▸ **What you have to do**: Quote all lines below exactly. Images stay out.

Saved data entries
==*==
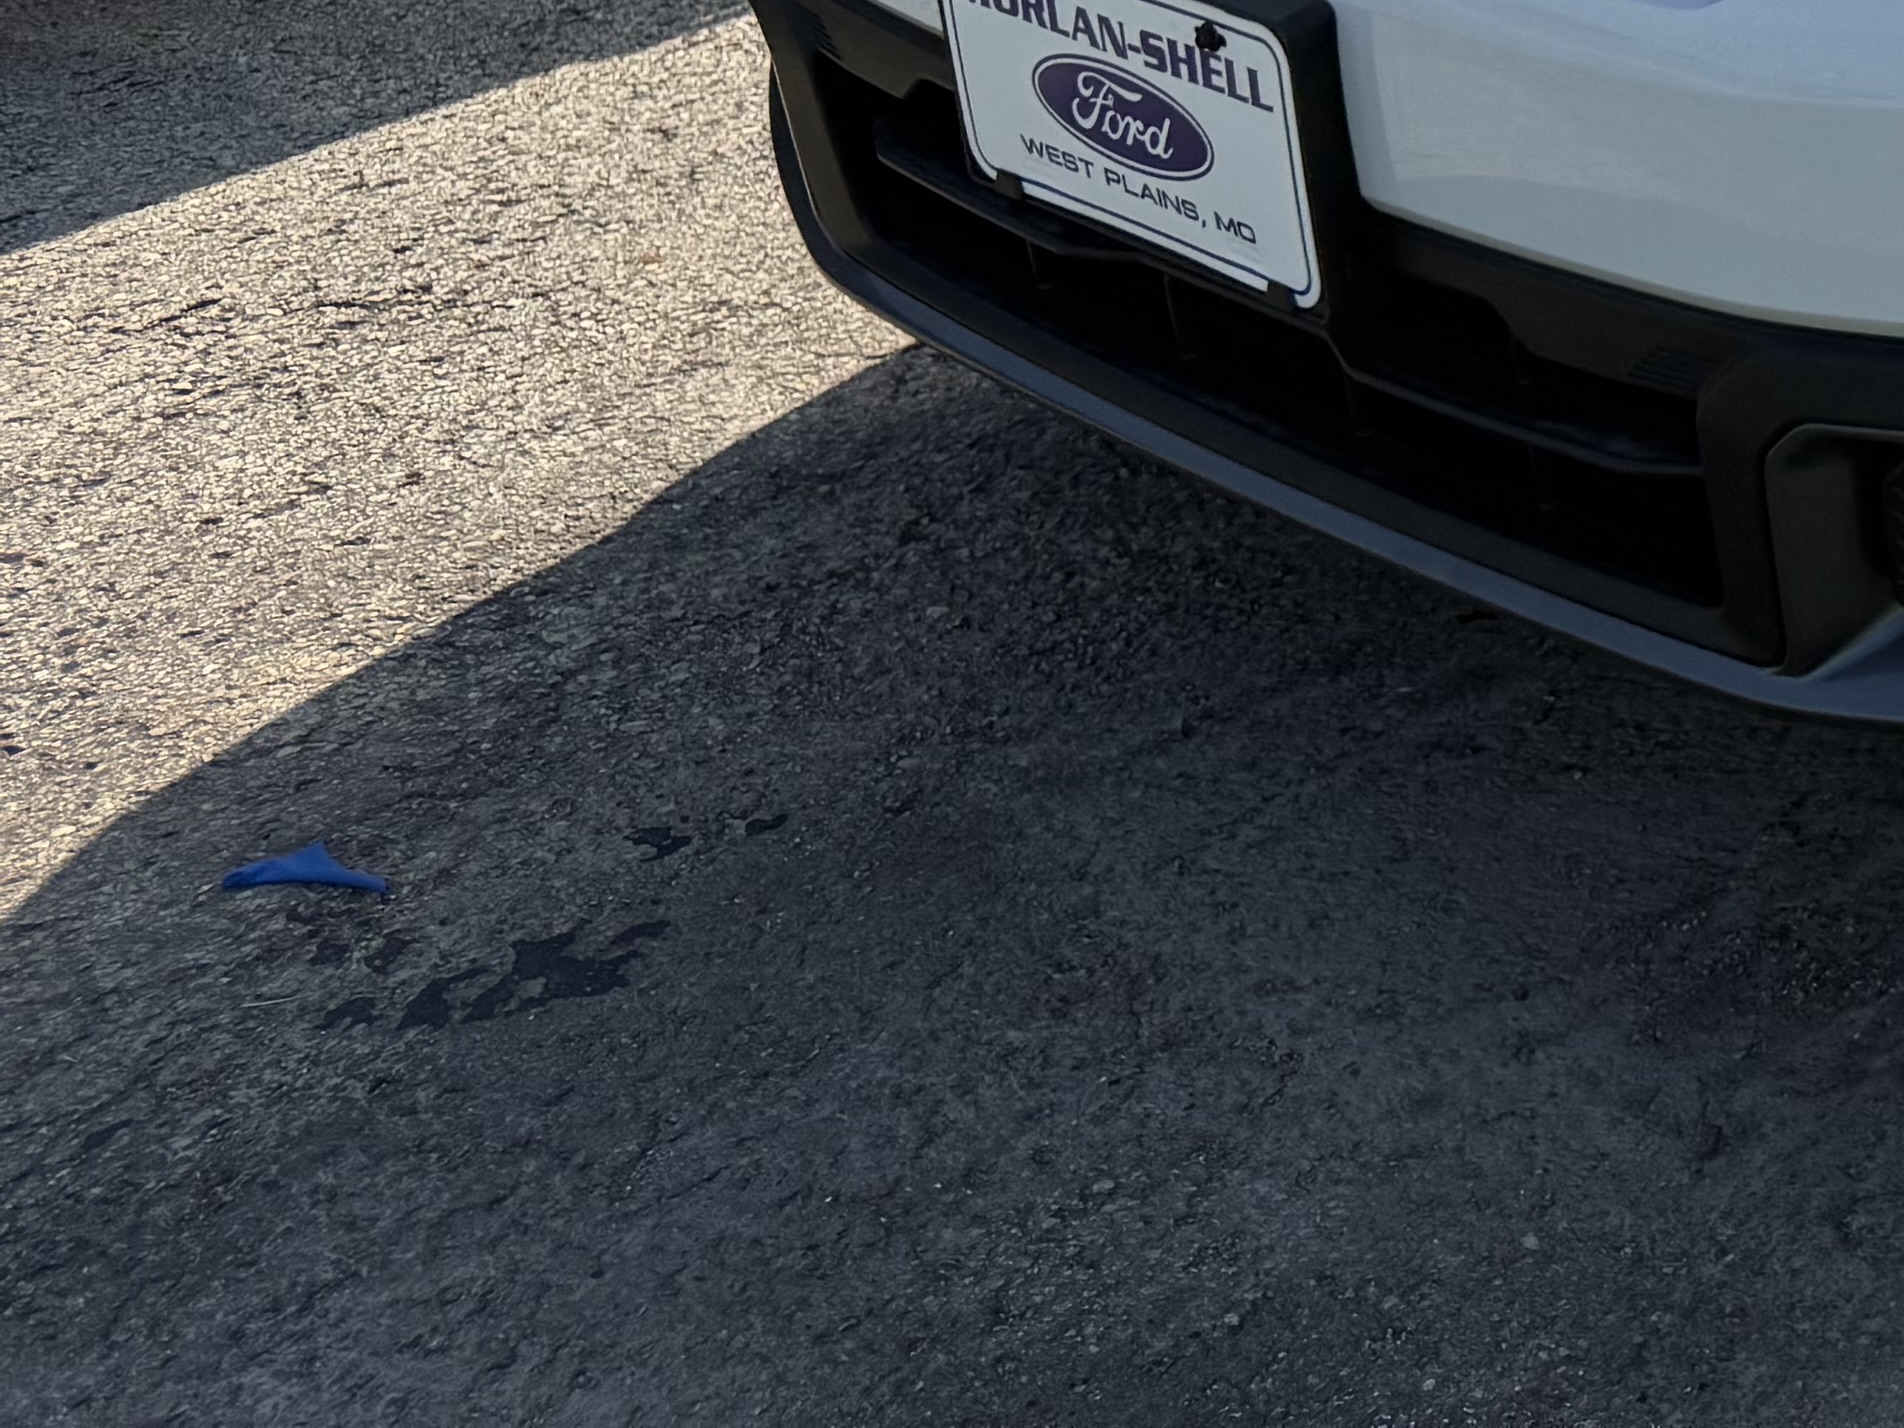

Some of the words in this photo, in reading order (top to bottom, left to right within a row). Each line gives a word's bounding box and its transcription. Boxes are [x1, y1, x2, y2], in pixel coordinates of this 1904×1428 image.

[1072, 70, 1174, 160] Ford
[1020, 133, 1094, 178] WEST
[1103, 166, 1208, 229] PLAINS,
[1214, 210, 1257, 245] MO
==*==
▸ **Output of the exercise**:
Some of the words in this photo, in reading order (top to bottom, left to right within a row). Each line gives a word's bounding box and its transcription. Boxes are [x1, y1, x2, y2], in pixel coordinates of this 1904×1428 image.

[1072, 70, 1174, 160] Ford
[1020, 133, 1094, 178] WEST
[1103, 166, 1208, 229] PLAINS,
[1214, 210, 1257, 245] MO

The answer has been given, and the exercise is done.